ASSIGNED TASK>
For the entries that follow, produce an exact copy with no pictures in it.

** EXERCISE MATERIALS follows **

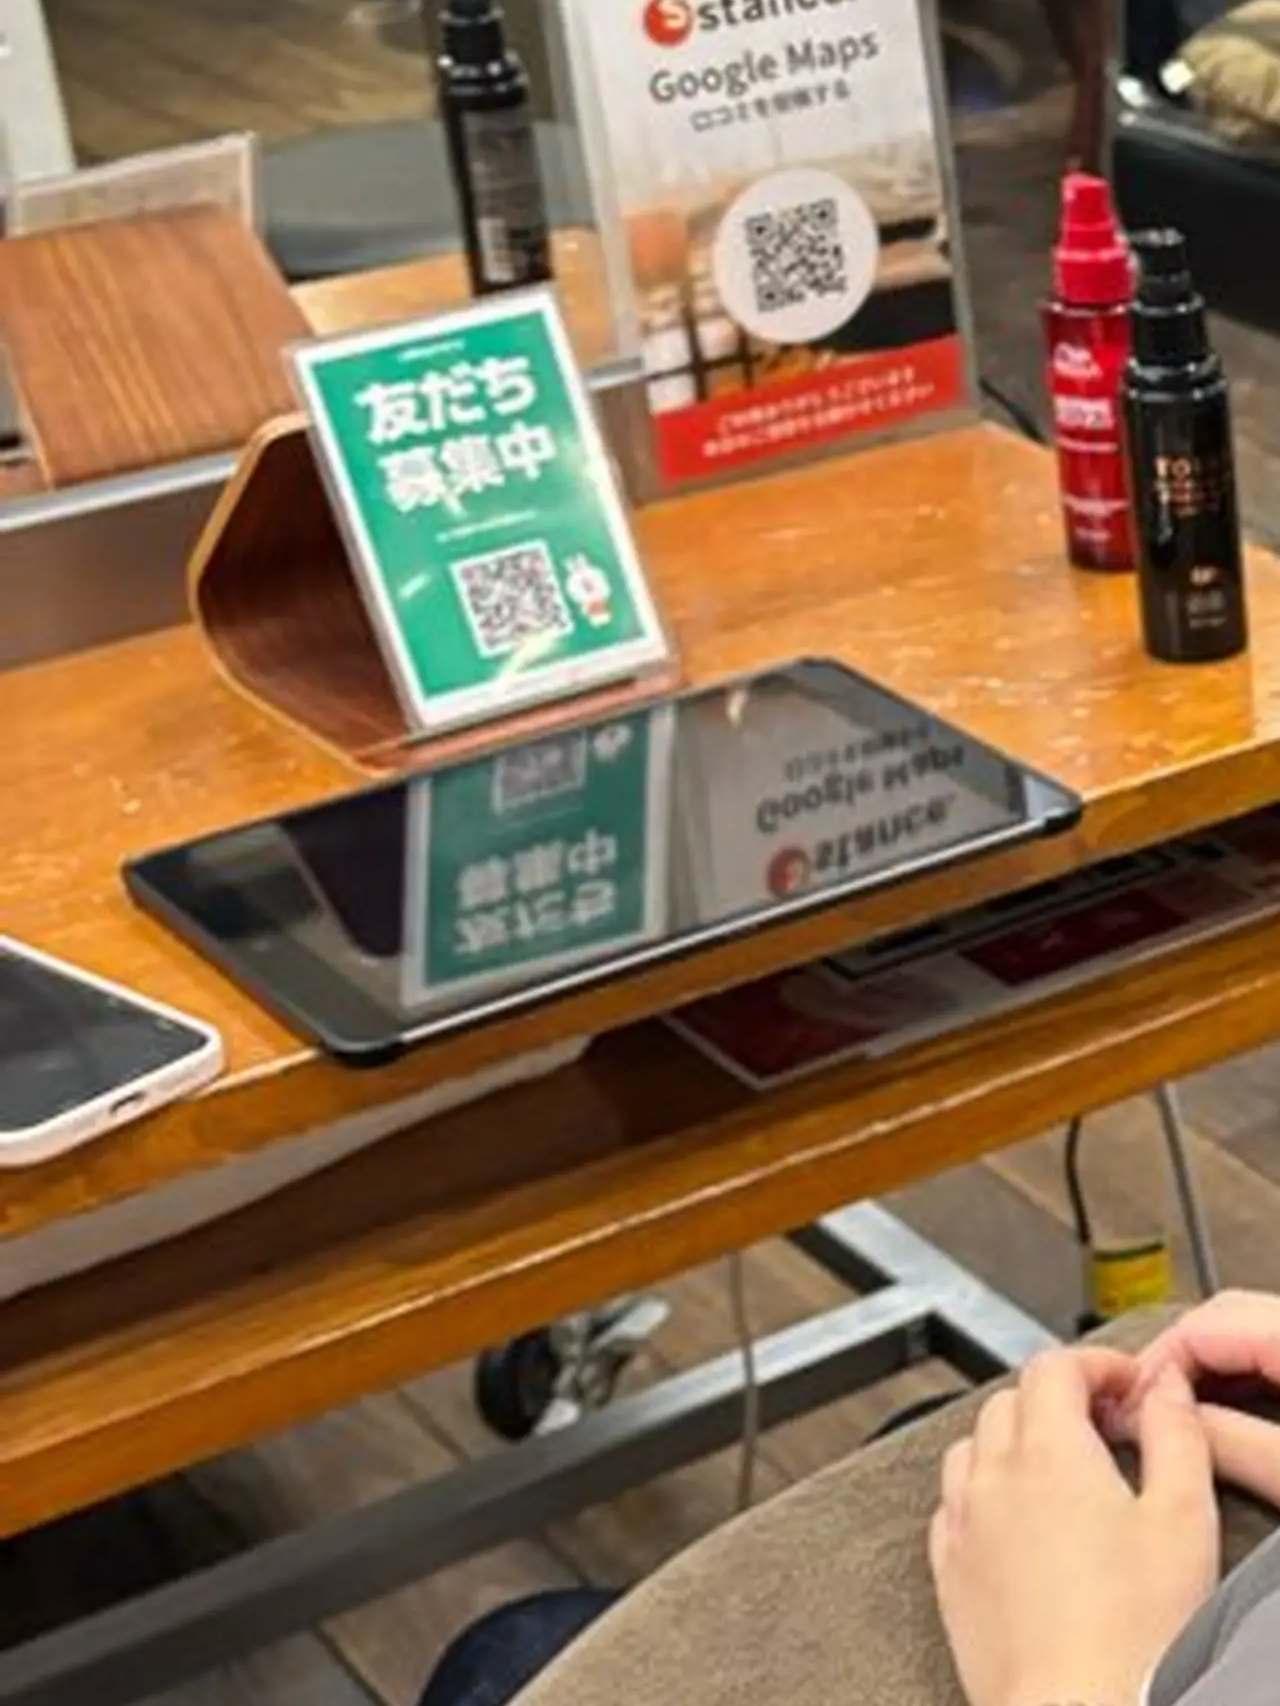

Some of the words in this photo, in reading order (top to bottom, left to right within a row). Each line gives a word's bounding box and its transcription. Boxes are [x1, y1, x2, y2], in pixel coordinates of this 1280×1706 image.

[648, 50, 780, 104] Google
[785, 32, 880, 75] Maps
[354, 355, 537, 444] 友だち
[377, 422, 557, 516] 募集中
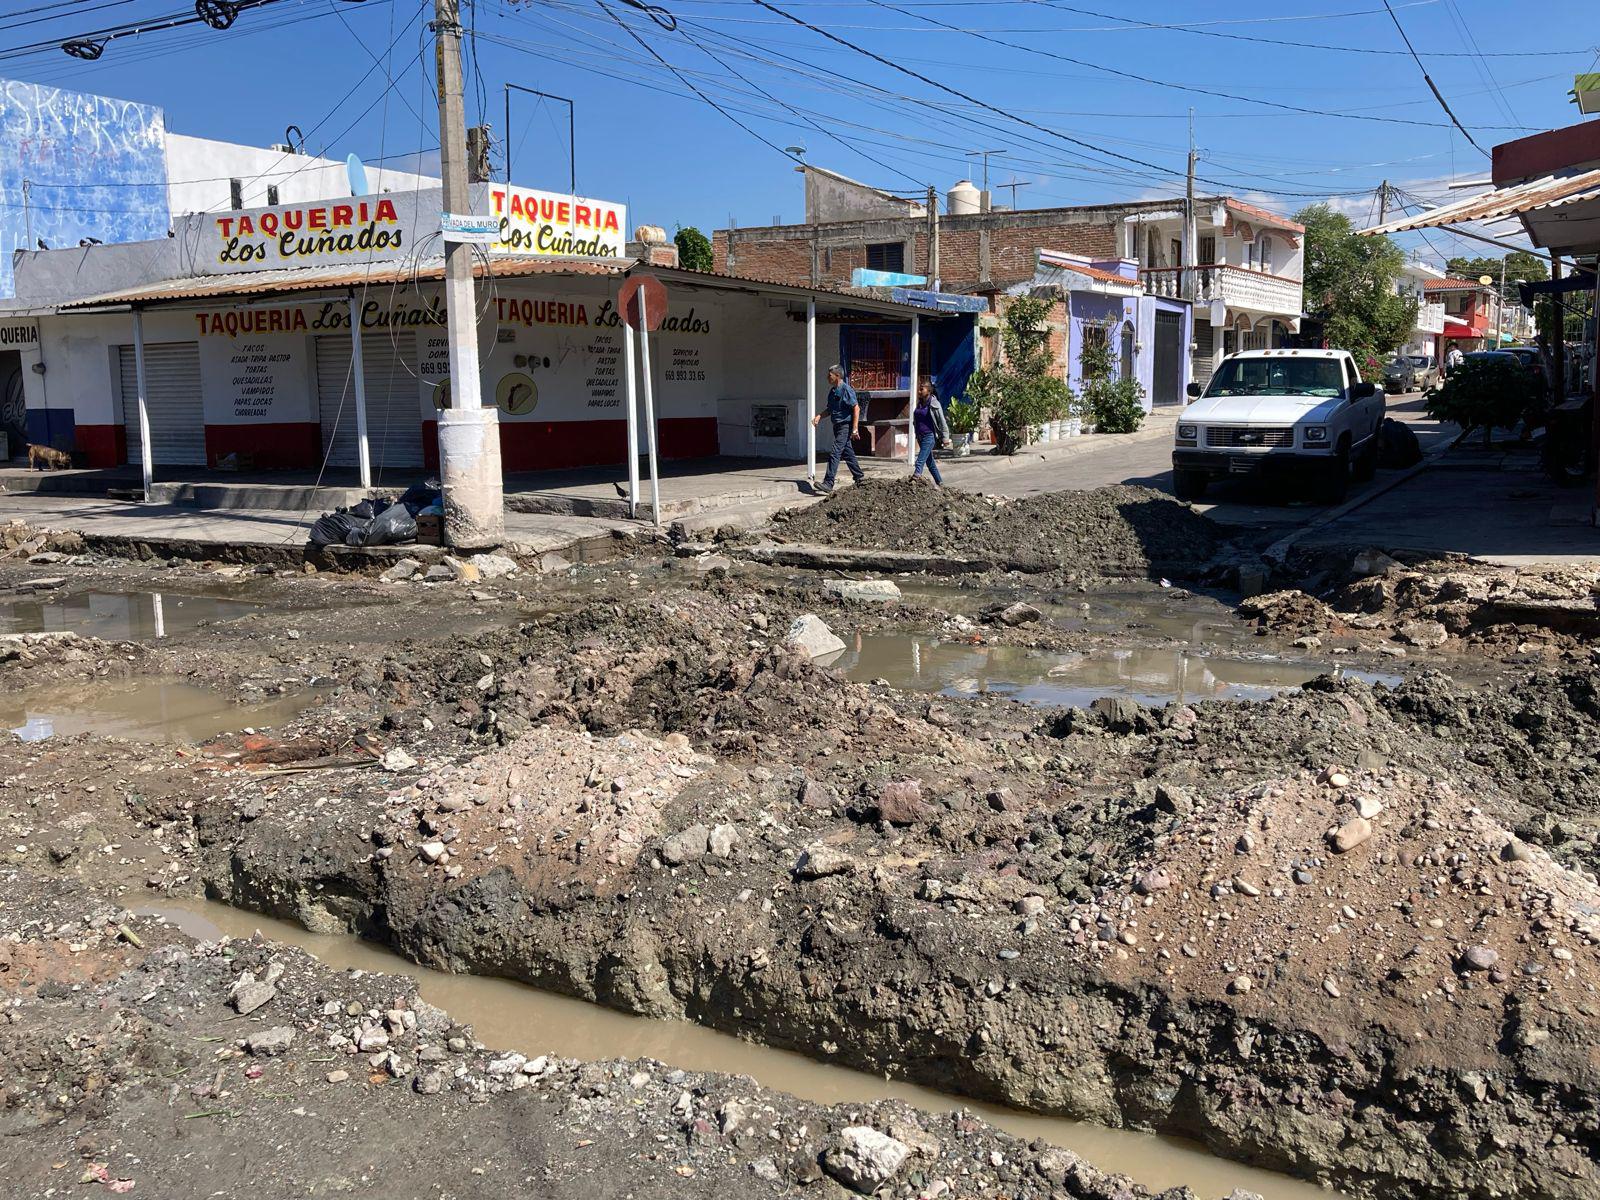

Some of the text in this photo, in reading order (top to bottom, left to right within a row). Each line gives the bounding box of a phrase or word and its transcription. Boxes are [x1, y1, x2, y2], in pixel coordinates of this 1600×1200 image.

[492, 190, 619, 231] TAQUERIA
[216, 199, 399, 238] TAQUERIA
[464, 220, 475, 228] DEL
[476, 220, 499, 229] MURO
[220, 221, 403, 264] Los Cuñados
[499, 216, 617, 257] Los Cuñados
[196, 308, 308, 337] TAQUERIA
[361, 295, 448, 328] Cuñado
[492, 297, 589, 327] TAQUERIA
[1, 325, 38, 345] QUERIA
[242, 344, 265, 353] TACOS
[427, 338, 449, 348] SERVI
[250, 354, 266, 363] TRIPA
[268, 353, 291, 363] PASTOR
[245, 365, 268, 374] TORTAS
[232, 375, 274, 386] QUESADILLAS
[234, 397, 274, 406] PAPAS LOCAS
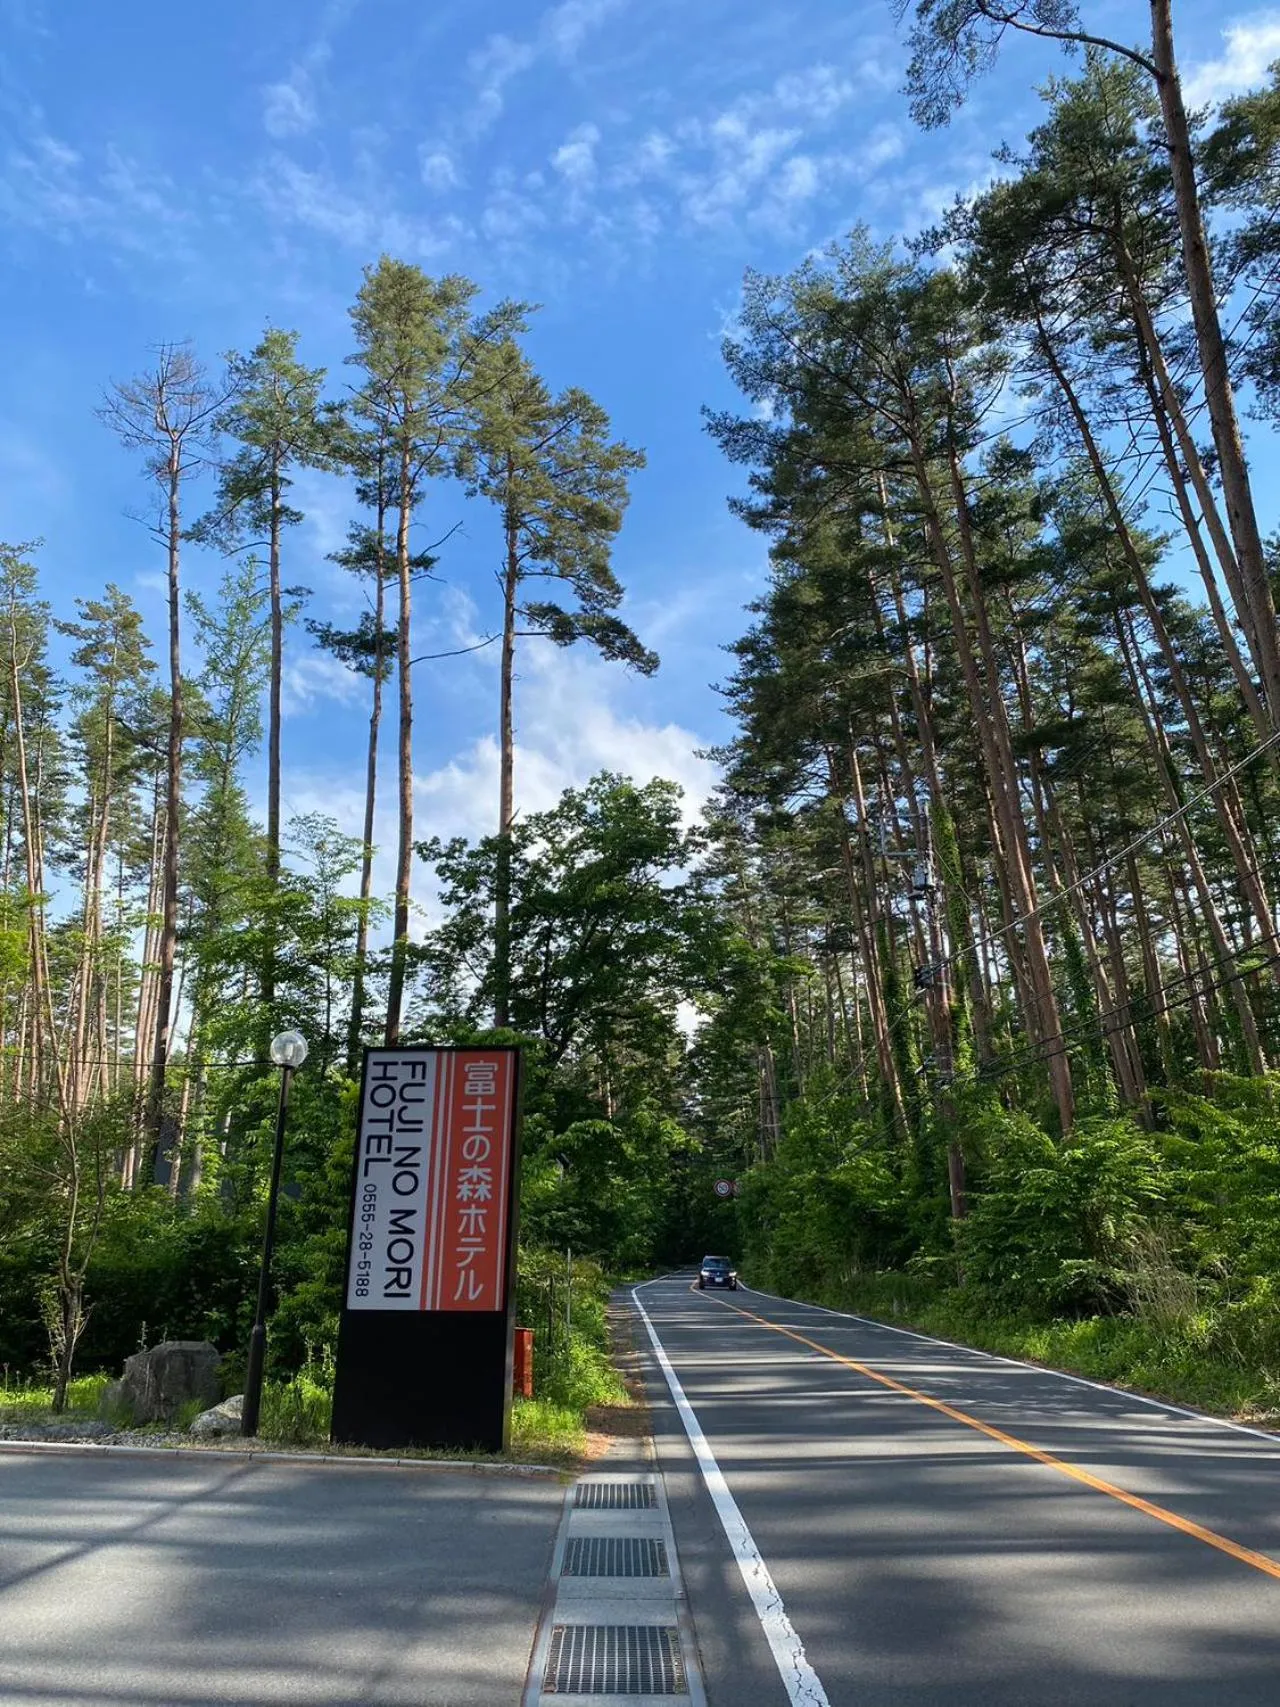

** End of EXERCISE MATERIALS **

ANSWER BELOW>
Some of the words in this photo, in reading order (top to bottom, left to right within a row). Each line gives a word's bounding box and its transcription. Boxes are [x1, y1, x2, y2], in pixel coordinates of this 1280×1706 image.

[648, 50, 780, 104] Google
[785, 32, 880, 75] Maps
[354, 355, 537, 444] 友だち
[377, 422, 557, 516] 募集中

Some of the text in this photo, in reading order (top to bottom, left to right within a row). Each line gives the bounding box of a phrase or word and its transcription. Boxes are [x1, y1, x2, y2], in pixel coordinates of this 1600×1200 image.

[492, 190, 619, 231] TAQUERIA
[216, 199, 399, 238] TAQUERIA
[464, 220, 475, 228] DEL
[476, 220, 499, 229] MURO
[220, 221, 403, 264] Los Cuñados
[499, 216, 617, 257] Los Cuñados
[196, 308, 308, 337] TAQUERIA
[361, 295, 448, 328] Cuñado
[492, 297, 589, 327] TAQUERIA
[1, 325, 38, 345] QUERIA
[242, 344, 265, 353] TACOS
[427, 338, 449, 348] SERVI
[250, 354, 266, 363] TRIPA
[268, 353, 291, 363] PASTOR
[245, 365, 268, 374] TORTAS
[232, 375, 274, 386] QUESADILLAS
[234, 397, 274, 406] PAPAS LOCAS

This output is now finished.